[Recorded data]
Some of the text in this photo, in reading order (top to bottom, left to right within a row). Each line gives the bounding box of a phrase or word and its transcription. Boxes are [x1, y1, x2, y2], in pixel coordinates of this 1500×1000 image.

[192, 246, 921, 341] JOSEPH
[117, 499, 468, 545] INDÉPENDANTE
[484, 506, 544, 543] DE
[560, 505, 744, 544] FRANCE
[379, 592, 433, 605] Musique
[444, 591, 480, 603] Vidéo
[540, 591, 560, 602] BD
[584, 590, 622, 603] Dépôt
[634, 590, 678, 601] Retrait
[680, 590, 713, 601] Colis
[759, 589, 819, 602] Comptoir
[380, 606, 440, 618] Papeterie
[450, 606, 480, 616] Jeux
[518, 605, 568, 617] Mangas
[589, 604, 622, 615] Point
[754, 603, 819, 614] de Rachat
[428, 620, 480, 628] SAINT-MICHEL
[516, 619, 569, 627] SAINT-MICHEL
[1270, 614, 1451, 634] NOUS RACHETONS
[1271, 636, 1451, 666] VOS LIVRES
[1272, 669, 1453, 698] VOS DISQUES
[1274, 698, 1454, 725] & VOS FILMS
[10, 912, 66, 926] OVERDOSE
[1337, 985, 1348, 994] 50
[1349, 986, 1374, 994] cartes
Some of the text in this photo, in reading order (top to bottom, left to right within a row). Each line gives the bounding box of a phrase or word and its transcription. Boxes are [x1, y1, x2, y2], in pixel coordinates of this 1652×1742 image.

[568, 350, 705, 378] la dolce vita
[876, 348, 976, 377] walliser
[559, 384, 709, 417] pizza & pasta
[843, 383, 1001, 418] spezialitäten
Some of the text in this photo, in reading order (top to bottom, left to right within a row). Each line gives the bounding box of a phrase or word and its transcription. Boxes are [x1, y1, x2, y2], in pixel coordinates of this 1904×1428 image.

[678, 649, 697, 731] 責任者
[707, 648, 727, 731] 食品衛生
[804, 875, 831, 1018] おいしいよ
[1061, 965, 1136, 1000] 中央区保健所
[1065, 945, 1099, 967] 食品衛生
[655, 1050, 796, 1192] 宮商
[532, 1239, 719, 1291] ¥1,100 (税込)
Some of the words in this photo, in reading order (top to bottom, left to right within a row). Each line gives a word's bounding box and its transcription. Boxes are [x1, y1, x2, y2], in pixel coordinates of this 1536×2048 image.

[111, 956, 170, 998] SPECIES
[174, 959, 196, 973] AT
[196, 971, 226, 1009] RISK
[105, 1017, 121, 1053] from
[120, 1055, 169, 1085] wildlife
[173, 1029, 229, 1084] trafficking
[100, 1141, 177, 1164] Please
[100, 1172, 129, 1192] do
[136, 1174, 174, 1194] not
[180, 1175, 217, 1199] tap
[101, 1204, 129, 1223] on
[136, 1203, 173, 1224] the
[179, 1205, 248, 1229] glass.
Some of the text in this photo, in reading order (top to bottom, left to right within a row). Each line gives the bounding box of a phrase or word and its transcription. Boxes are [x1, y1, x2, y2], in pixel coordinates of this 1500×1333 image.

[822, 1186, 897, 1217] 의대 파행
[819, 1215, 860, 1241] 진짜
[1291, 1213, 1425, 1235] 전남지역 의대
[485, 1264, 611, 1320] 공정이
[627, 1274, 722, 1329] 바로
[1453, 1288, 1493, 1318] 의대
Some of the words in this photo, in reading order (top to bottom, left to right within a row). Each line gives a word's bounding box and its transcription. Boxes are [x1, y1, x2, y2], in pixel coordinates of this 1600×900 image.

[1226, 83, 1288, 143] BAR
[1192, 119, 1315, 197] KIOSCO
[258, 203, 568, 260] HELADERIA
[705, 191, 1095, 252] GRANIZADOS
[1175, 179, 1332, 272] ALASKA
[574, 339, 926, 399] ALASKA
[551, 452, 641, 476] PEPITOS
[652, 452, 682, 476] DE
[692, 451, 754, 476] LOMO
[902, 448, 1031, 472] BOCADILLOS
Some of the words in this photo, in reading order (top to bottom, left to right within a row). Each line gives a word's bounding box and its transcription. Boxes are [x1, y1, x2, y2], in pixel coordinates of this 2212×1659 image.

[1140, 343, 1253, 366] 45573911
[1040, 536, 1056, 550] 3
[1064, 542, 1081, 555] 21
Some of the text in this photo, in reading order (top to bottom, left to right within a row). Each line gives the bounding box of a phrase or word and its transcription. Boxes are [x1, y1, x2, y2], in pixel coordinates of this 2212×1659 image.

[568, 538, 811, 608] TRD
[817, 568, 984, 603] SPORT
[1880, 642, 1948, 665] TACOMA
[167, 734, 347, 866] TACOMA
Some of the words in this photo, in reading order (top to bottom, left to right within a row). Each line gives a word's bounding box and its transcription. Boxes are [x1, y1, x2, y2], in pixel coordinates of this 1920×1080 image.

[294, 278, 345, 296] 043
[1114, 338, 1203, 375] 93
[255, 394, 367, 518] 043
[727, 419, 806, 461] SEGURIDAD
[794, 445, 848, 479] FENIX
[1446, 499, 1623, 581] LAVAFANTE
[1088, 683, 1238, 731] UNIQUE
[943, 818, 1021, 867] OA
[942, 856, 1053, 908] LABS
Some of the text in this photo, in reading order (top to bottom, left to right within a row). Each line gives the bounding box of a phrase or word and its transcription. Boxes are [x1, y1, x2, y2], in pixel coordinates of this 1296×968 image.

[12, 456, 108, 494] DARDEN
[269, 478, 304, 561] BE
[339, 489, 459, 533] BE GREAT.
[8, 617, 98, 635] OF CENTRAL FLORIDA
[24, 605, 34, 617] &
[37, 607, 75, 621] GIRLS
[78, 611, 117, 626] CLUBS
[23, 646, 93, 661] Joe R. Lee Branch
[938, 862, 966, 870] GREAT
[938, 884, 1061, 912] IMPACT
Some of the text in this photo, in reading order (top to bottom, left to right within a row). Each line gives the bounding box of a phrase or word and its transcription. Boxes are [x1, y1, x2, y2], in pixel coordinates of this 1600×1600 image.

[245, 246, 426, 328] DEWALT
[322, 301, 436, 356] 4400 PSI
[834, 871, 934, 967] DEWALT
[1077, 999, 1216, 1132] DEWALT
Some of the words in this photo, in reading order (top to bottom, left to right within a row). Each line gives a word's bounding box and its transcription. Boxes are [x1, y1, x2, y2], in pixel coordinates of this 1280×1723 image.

Your assignment: All entries given above are to be printed again exactly.

The answer:
Some of the text in this photo, in reading order (top to bottom, left to right within a row). Each line gives the bounding box of a phrase or word and its transcription. Boxes are [x1, y1, x2, y2], in pixel coordinates of this 1500×1000 image.

[192, 246, 921, 341] JOSEPH
[117, 499, 468, 545] INDÉPENDANTE
[484, 506, 544, 543] DE
[560, 505, 744, 544] FRANCE
[379, 592, 433, 605] Musique
[444, 591, 480, 603] Vidéo
[540, 591, 560, 602] BD
[584, 590, 622, 603] Dépôt
[634, 590, 678, 601] Retrait
[680, 590, 713, 601] Colis
[759, 589, 819, 602] Comptoir
[380, 606, 440, 618] Papeterie
[450, 606, 480, 616] Jeux
[518, 605, 568, 617] Mangas
[589, 604, 622, 615] Point
[754, 603, 819, 614] de Rachat
[428, 620, 480, 628] SAINT-MICHEL
[516, 619, 569, 627] SAINT-MICHEL
[1270, 614, 1451, 634] NOUS RACHETONS
[1271, 636, 1451, 666] VOS LIVRES
[1272, 669, 1453, 698] VOS DISQUES
[1274, 698, 1454, 725] & VOS FILMS
[10, 912, 66, 926] OVERDOSE
[1337, 985, 1348, 994] 50
[1349, 986, 1374, 994] cartes
Some of the text in this photo, in reading order (top to bottom, left to right within a row). Each line gives the bounding box of a phrase or word and its transcription. Boxes are [x1, y1, x2, y2], in pixel coordinates of this 1652×1742 image.

[568, 350, 705, 378] la dolce vita
[876, 348, 976, 377] walliser
[559, 384, 709, 417] pizza & pasta
[843, 383, 1001, 418] spezialitäten
Some of the text in this photo, in reading order (top to bottom, left to right within a row). Each line gives the bounding box of a phrase or word and its transcription. Boxes are [x1, y1, x2, y2], in pixel coordinates of this 1904×1428 image.

[678, 649, 697, 731] 責任者
[707, 648, 727, 731] 食品衛生
[804, 875, 831, 1018] おいしいよ
[1061, 965, 1136, 1000] 中央区保健所
[1065, 945, 1099, 967] 食品衛生
[655, 1050, 796, 1192] 宮商
[532, 1239, 719, 1291] ¥1,100 (税込)
Some of the words in this photo, in reading order (top to bottom, left to right within a row). Each line gives a word's bounding box and its transcription. Boxes are [x1, y1, x2, y2], in pixel coordinates of this 1536×2048 image.

[111, 956, 170, 998] SPECIES
[174, 959, 196, 973] AT
[196, 971, 226, 1009] RISK
[105, 1017, 121, 1053] from
[120, 1055, 169, 1085] wildlife
[173, 1029, 229, 1084] trafficking
[100, 1141, 177, 1164] Please
[100, 1172, 129, 1192] do
[136, 1174, 174, 1194] not
[180, 1175, 217, 1199] tap
[101, 1204, 129, 1223] on
[136, 1203, 173, 1224] the
[179, 1205, 248, 1229] glass.
Some of the text in this photo, in reading order (top to bottom, left to right within a row). Each line gives the bounding box of a phrase or word and its transcription. Boxes are [x1, y1, x2, y2], in pixel coordinates of this 1500×1333 image.

[822, 1186, 897, 1217] 의대 파행
[819, 1215, 860, 1241] 진짜
[1291, 1213, 1425, 1235] 전남지역 의대
[485, 1264, 611, 1320] 공정이
[627, 1274, 722, 1329] 바로
[1453, 1288, 1493, 1318] 의대
Some of the words in this photo, in reading order (top to bottom, left to right within a row). Each line gives a word's bounding box and its transcription. Boxes are [x1, y1, x2, y2], in pixel coordinates of this 1600×900 image.

[1226, 83, 1288, 143] BAR
[1192, 119, 1315, 197] KIOSCO
[258, 203, 568, 260] HELADERIA
[705, 191, 1095, 252] GRANIZADOS
[1175, 179, 1332, 272] ALASKA
[574, 339, 926, 399] ALASKA
[551, 452, 641, 476] PEPITOS
[652, 452, 682, 476] DE
[692, 451, 754, 476] LOMO
[902, 448, 1031, 472] BOCADILLOS
Some of the words in this photo, in reading order (top to bottom, left to right within a row). Each line gives a word's bounding box and its transcription. Boxes are [x1, y1, x2, y2], in pixel coordinates of this 2212×1659 image.

[1140, 343, 1253, 366] 45573911
[1040, 536, 1056, 550] 3
[1064, 542, 1081, 555] 21
Some of the text in this photo, in reading order (top to bottom, left to right within a row). Each line gives the bounding box of a phrase or word and its transcription. Boxes are [x1, y1, x2, y2], in pixel coordinates of this 2212×1659 image.

[568, 538, 811, 608] TRD
[817, 568, 984, 603] SPORT
[1880, 642, 1948, 665] TACOMA
[167, 734, 347, 866] TACOMA
Some of the words in this photo, in reading order (top to bottom, left to right within a row). Each line gives a word's bounding box and its transcription. Boxes are [x1, y1, x2, y2], in pixel coordinates of this 1920×1080 image.

[294, 278, 345, 296] 043
[1114, 338, 1203, 375] 93
[255, 394, 367, 518] 043
[727, 419, 806, 461] SEGURIDAD
[794, 445, 848, 479] FENIX
[1446, 499, 1623, 581] LAVAFANTE
[1088, 683, 1238, 731] UNIQUE
[943, 818, 1021, 867] OA
[942, 856, 1053, 908] LABS
Some of the text in this photo, in reading order (top to bottom, left to right within a row). Each line gives the bounding box of a phrase or word and its transcription. Boxes are [x1, y1, x2, y2], in pixel coordinates of this 1296×968 image.

[12, 456, 108, 494] DARDEN
[269, 478, 304, 561] BE
[339, 489, 459, 533] BE GREAT.
[8, 617, 98, 635] OF CENTRAL FLORIDA
[24, 605, 34, 617] &
[37, 607, 75, 621] GIRLS
[78, 611, 117, 626] CLUBS
[23, 646, 93, 661] Joe R. Lee Branch
[938, 862, 966, 870] GREAT
[938, 884, 1061, 912] IMPACT
Some of the text in this photo, in reading order (top to bottom, left to right within a row). Each line gives the bounding box of a phrase or word and its transcription. Boxes are [x1, y1, x2, y2], in pixel coordinates of this 1600×1600 image.

[245, 246, 426, 328] DEWALT
[322, 301, 436, 356] 4400 PSI
[834, 871, 934, 967] DEWALT
[1077, 999, 1216, 1132] DEWALT
Some of the words in this photo, in reading order (top to bottom, left to right within a row). Each line gives a word's bounding box and its transcription. Boxes are [x1, y1, x2, y2], in pixel coordinates of this 1280×1723 image.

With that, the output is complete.